Instructions to follow:
Write out exactly the lines from the line that contains "Some of the text" through the final line of the listing below, and no others.

Records to use:
○ ○ ○ ○ ○ ○ ○

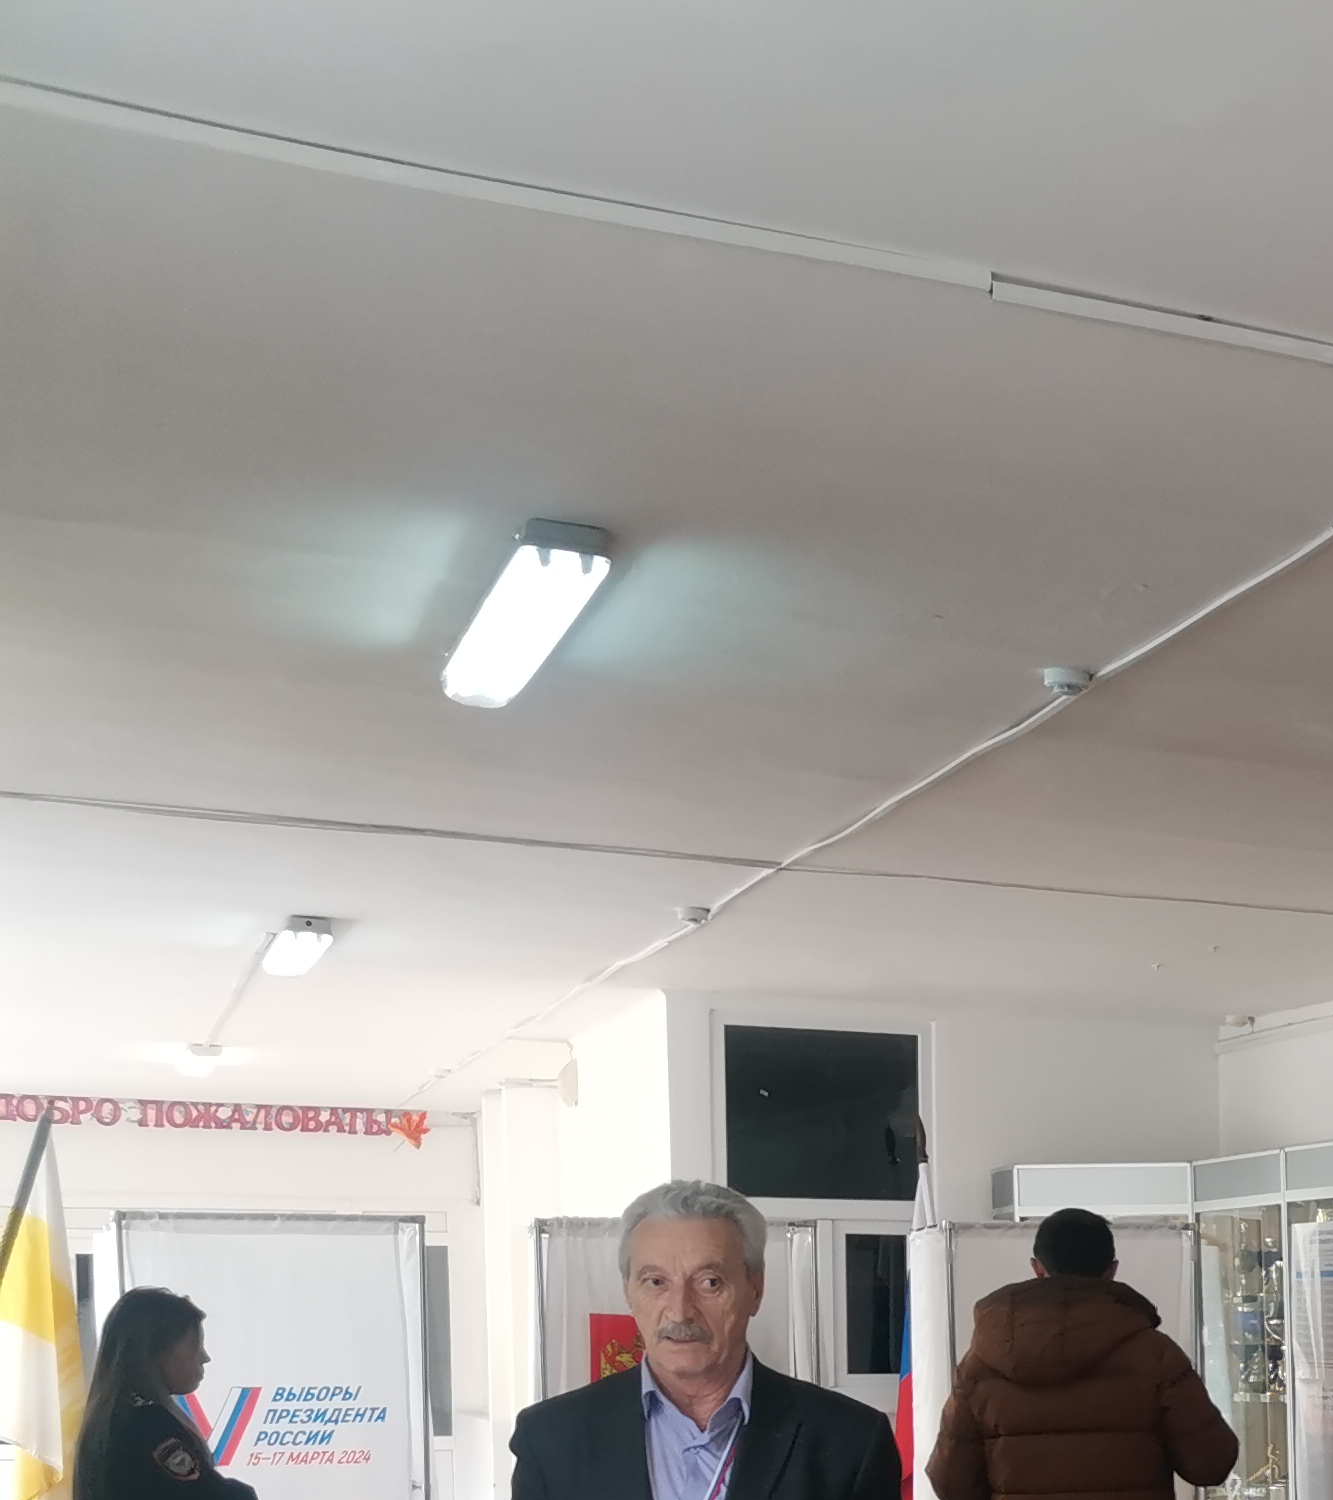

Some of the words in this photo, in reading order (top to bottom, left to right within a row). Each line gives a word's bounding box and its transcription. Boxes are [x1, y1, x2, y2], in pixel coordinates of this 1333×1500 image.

[271, 1386, 362, 1402] ВЫБОРЫ
[263, 1407, 388, 1426] ПРЕЗИДЕНТА
[254, 1430, 334, 1447] РОССИИ
[286, 1451, 335, 1465] МАРТА
[337, 1450, 372, 1464] 2024
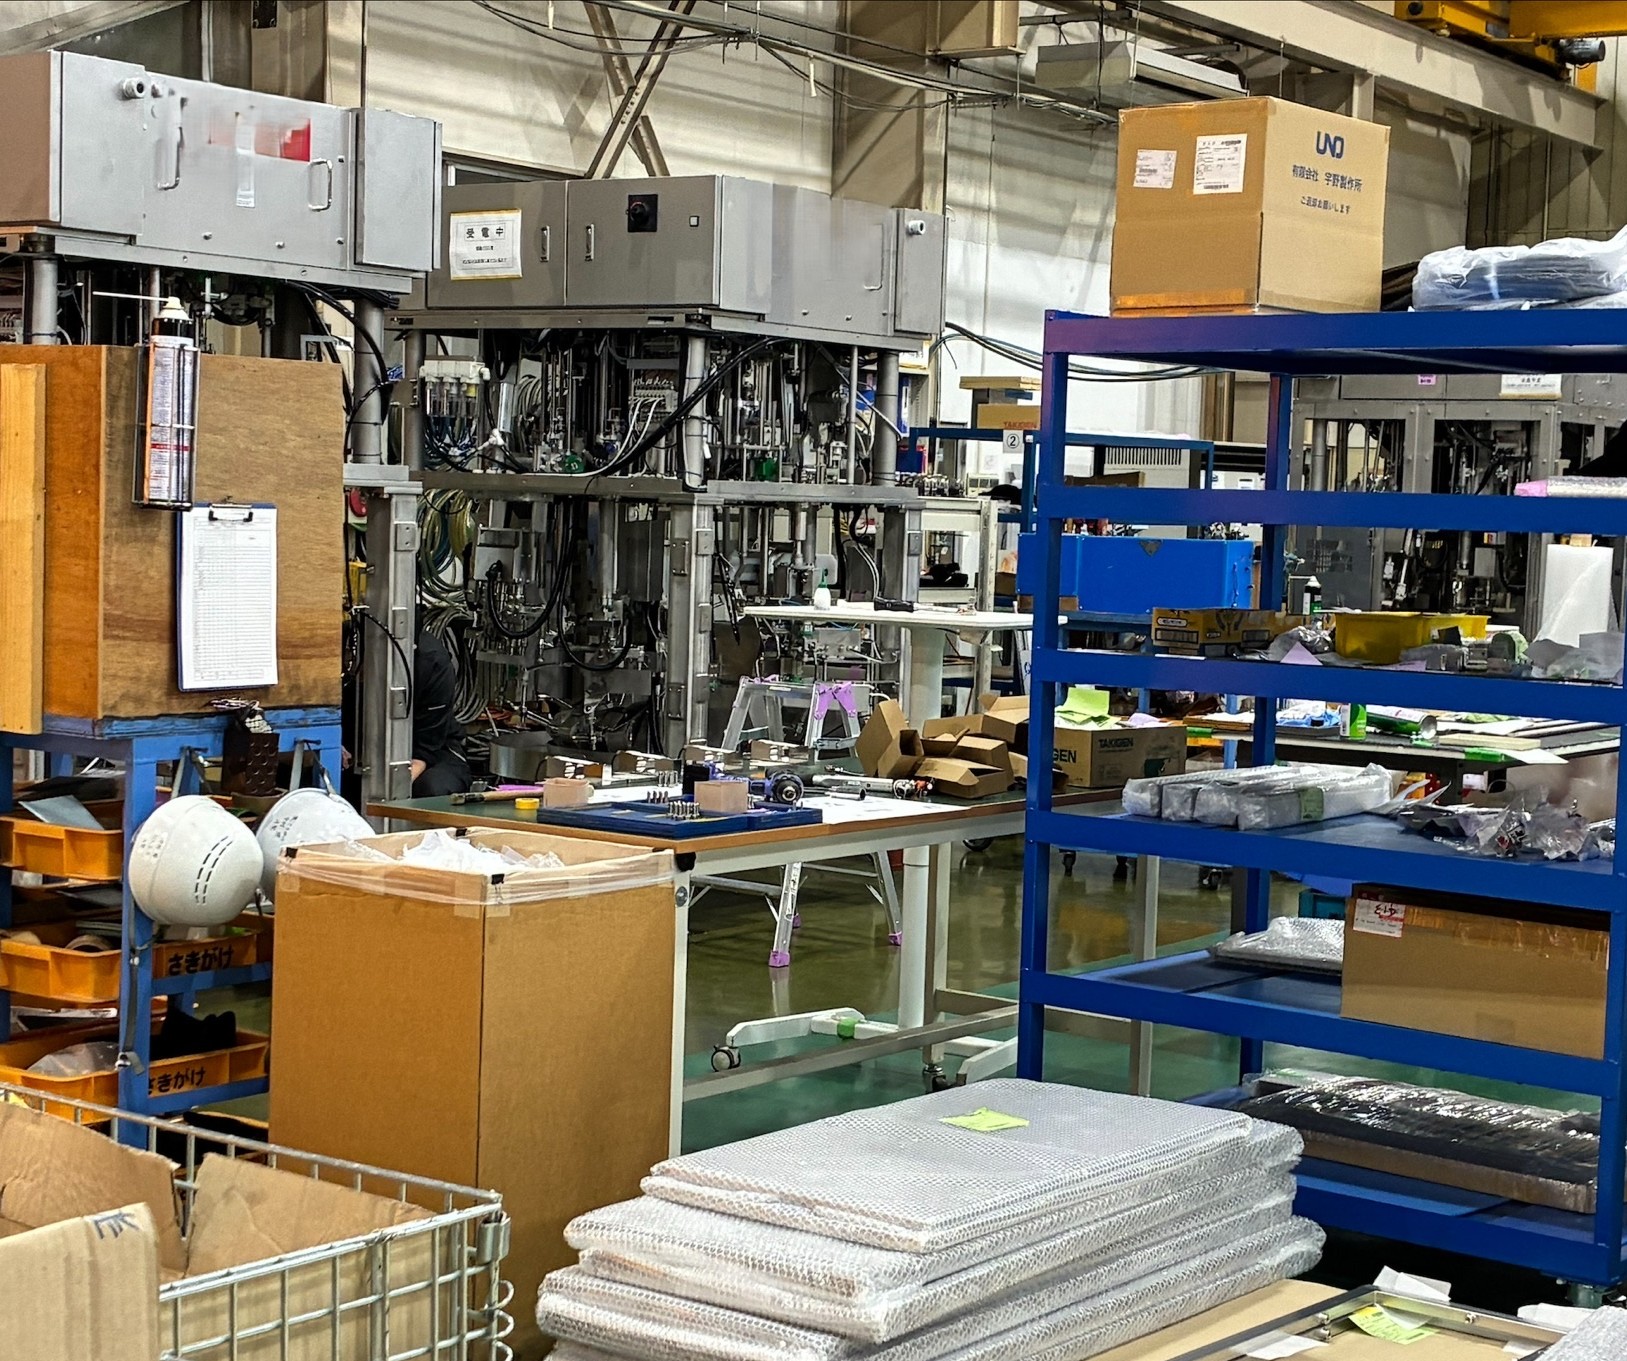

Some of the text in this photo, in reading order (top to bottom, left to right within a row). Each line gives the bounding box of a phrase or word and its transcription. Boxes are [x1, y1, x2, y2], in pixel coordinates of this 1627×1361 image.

[1315, 131, 1345, 159] UNO
[1292, 164, 1319, 182] 有限会社
[167, 945, 234, 976] さきがけ

○ ○ ○ ○ ○ ○ ○

Exercise solution:
Some of the text in this photo, in reading order (top to bottom, left to right within a row). Each line gives the bounding box of a phrase or word and its transcription. Boxes are [x1, y1, x2, y2], in pixel coordinates of this 1627×1361 image.

[1315, 131, 1345, 159] UNO
[1292, 164, 1319, 182] 有限会社
[167, 945, 234, 976] さきがけ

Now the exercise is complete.